Records for this task:
= = = = = = =

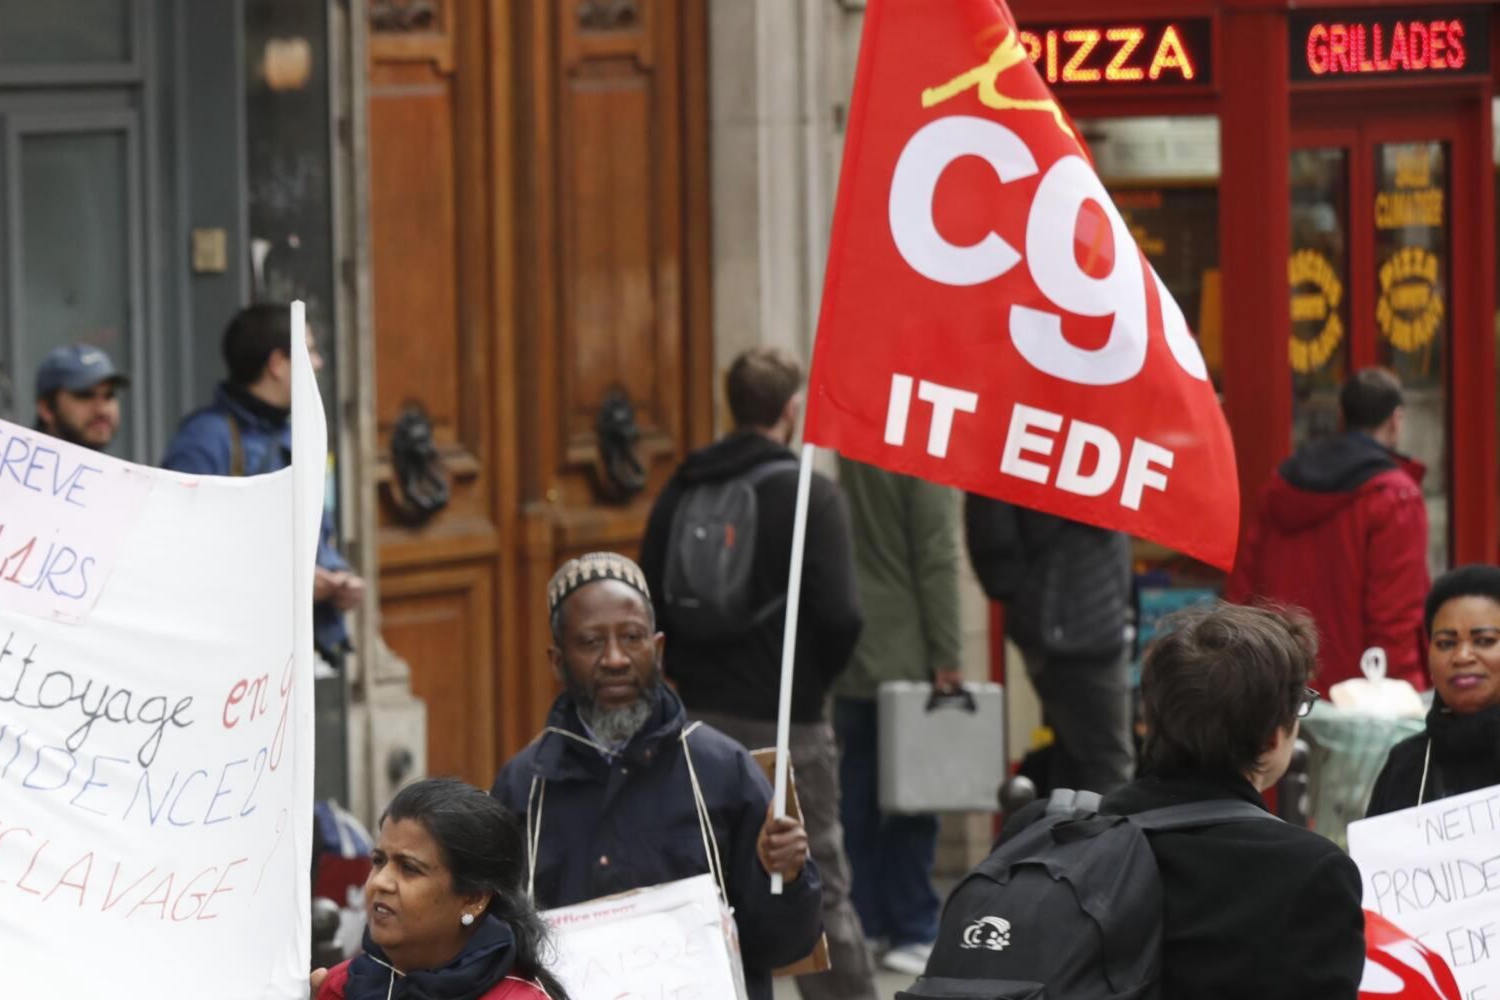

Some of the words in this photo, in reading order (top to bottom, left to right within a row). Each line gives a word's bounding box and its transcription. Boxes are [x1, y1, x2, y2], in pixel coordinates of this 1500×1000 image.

[1306, 20, 1466, 75] GRILLADES
[884, 373, 978, 459] IT
[999, 403, 1175, 511] EDF
[222, 673, 269, 729] en
[1426, 795, 1500, 846] NETT
[1446, 922, 1496, 967] EDF

= = = = = = =

What the task requires: Down to the last line, set down the data above exactly, and omit all images.

Response to the task:
Some of the words in this photo, in reading order (top to bottom, left to right within a row). Each line gives a word's bounding box and its transcription. Boxes are [x1, y1, x2, y2], in pixel coordinates of this 1500×1000 image.

[1306, 20, 1466, 75] GRILLADES
[884, 373, 978, 459] IT
[999, 403, 1175, 511] EDF
[222, 673, 269, 729] en
[1426, 795, 1500, 846] NETT
[1446, 922, 1496, 967] EDF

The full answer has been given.